2. Der Beklagte wird verurteilt, der Klägerin eine weitere Beihilfe in Höhe von 227,63 € für die Nebenkostennachzahlung für das Jahr 2016 zu gewähren.
3. Der Beklagte hat die außergerichtlichen Kosten der Klägerin zu erstatten.
4. Die Berufung wird wegen grundsätzlicher Bedeutung der Rechtssache zugelassen.
Tatbestand
Die Beteiligten streiten über die Übernahme einer Nebenkostennachzahlung.

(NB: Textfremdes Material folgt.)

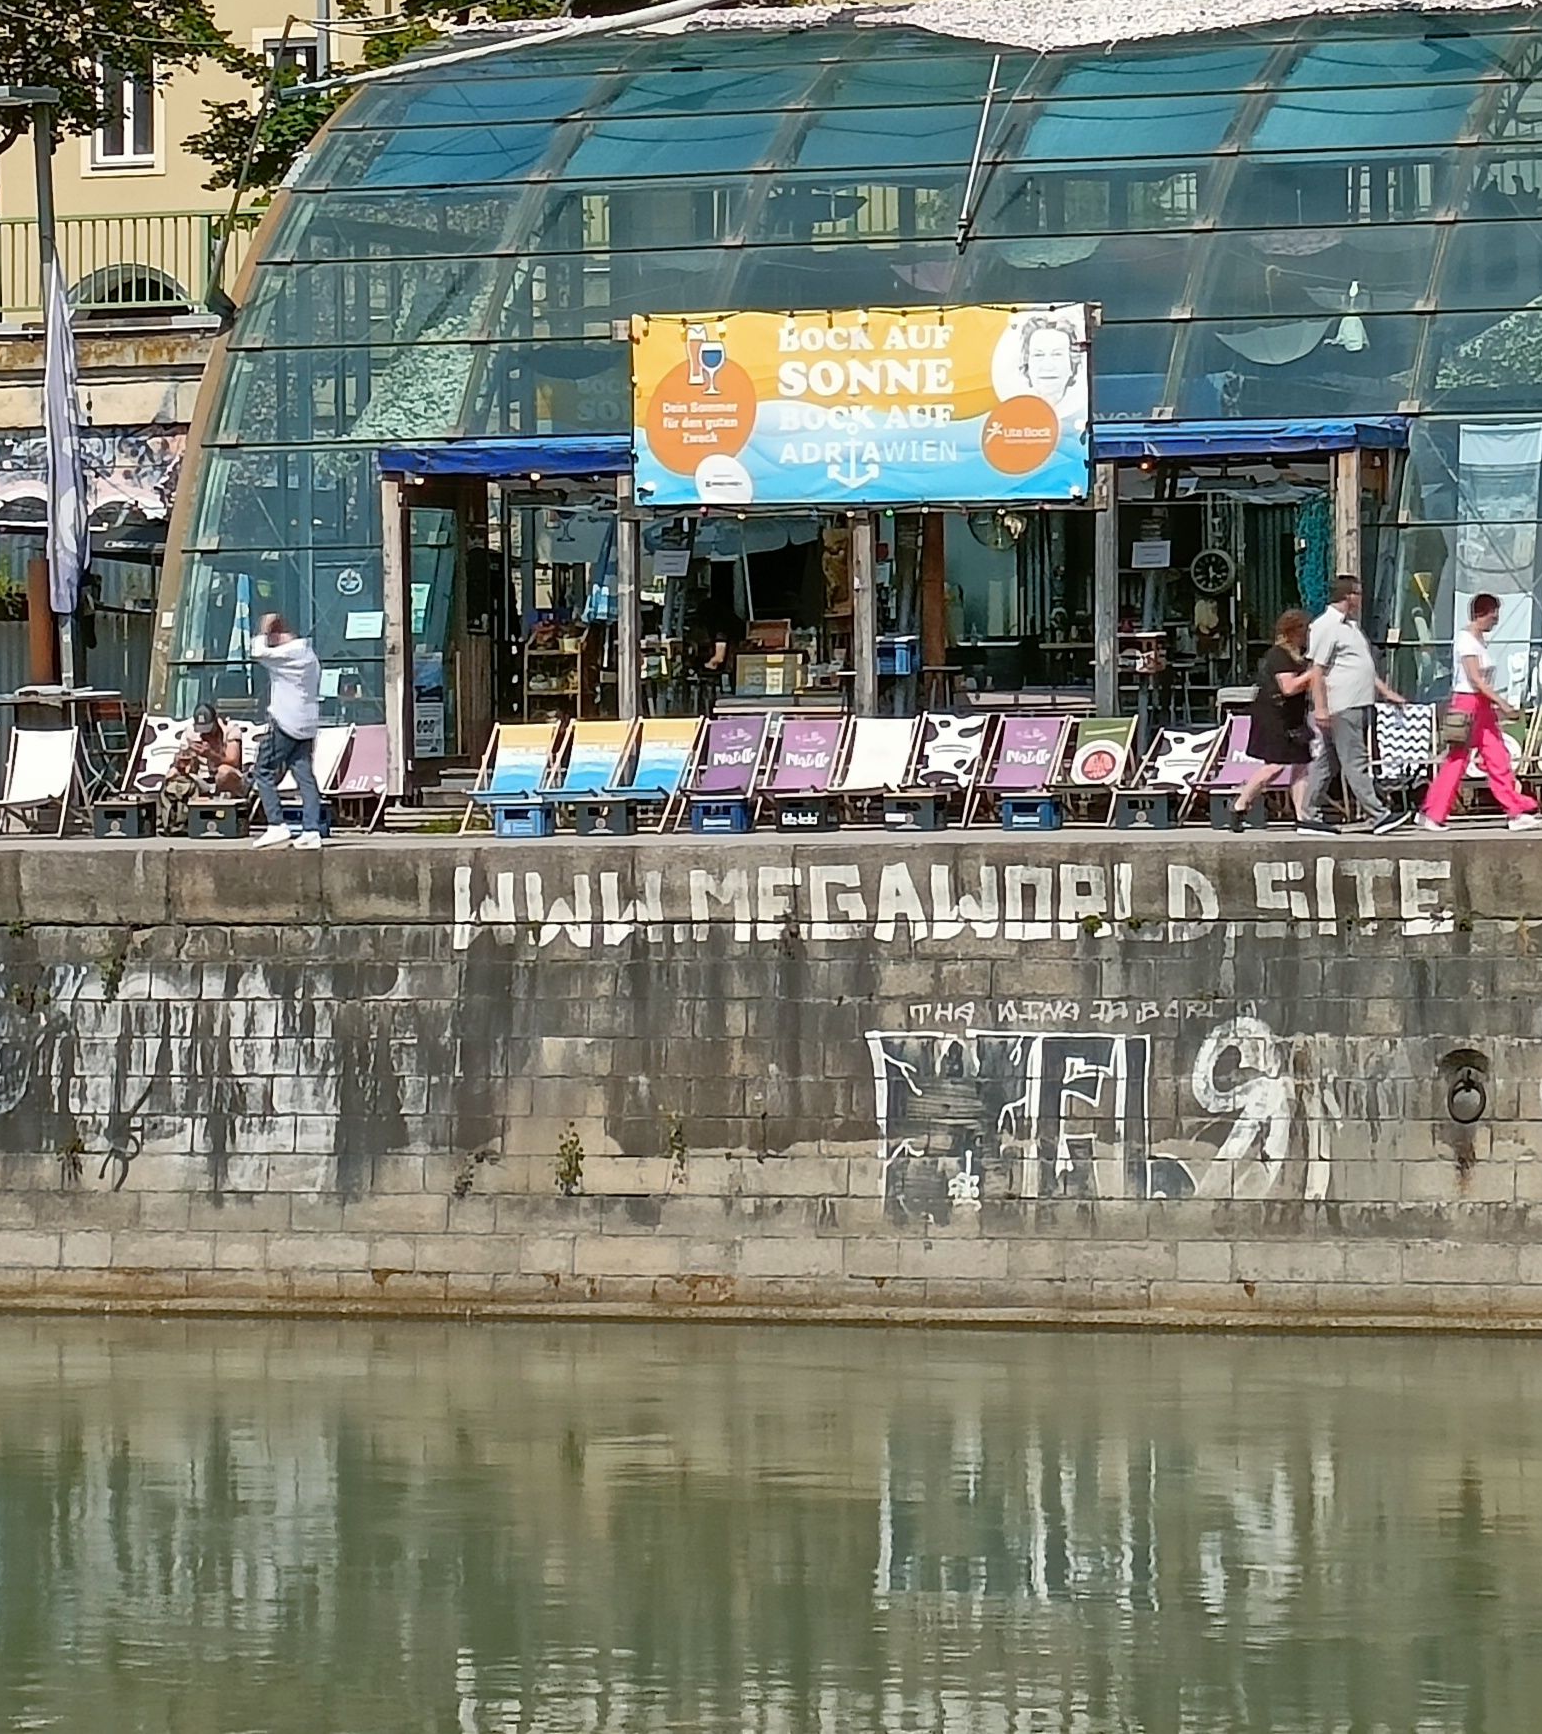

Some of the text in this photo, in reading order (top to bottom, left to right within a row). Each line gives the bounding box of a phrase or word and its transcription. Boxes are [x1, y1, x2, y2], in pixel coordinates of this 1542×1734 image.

[778, 324, 955, 352] BOCK AUF
[777, 357, 955, 397] SONNE
[779, 403, 955, 431] BOCK AUF

Die 1969 geborene alleinstehende Klägerin bezieht seit November 2008 vom Beklagten ergänzend zu einer unbefristeten Rente wegen voller Erwerbsminderung aus der gesetzlichen Rentenversicherung Leistungen der Grundsicherung im Alter und bei Erwerbsminderung nach dem 4. Kapitel des Zwölften Buches des Sozialgesetzbuches (SGB XII). Sie bewohnt eine 77 m² große 3-Zimmer-Wohnung in U, für die sie im streitgegenständlichen Zeitraum monatlich eine Grundmiete von 440 € und Nebenkostenvorauszahlungen in Höhe von 120 € zu entrichten hatte. Der Beklagte berücksichtigt diese laufenden Kosten der Unterkunft und Heizung trotz von ihm angenommener abstrakter Unangemessenheit, da der Klägerin nach den Feststellungen seines Gesundheitsamts ein Wohnungswechsel aus medizinischen Gründen nicht zuzumuten ist. Bereits mit Bescheiden vom 9.12.2014, 20.10.2015 und 7.11.2016 hatte der Beklagte jedoch anlässlich der Vorlage der jährlichen Nebenkostenabrechnungen den Wasserverbrauch der Klägerin als unangemessen hoch beanstandet. Es seien lediglich 60 m³ pro Jahr angemessen, die Klägerin habe jedoch 65,30 m³ (2013), 95,70 m³ (2014) und 116 m³ (2015) verbraucht. Zuletzt, mit Bescheid vom 7.11.2016, übernahm der Beklagte daher ankündigungsgemäß die Nebenkostennachforderung lediglich anteilig entsprechend dem von ihm für angemessen gehaltenen Wasserverbrauch.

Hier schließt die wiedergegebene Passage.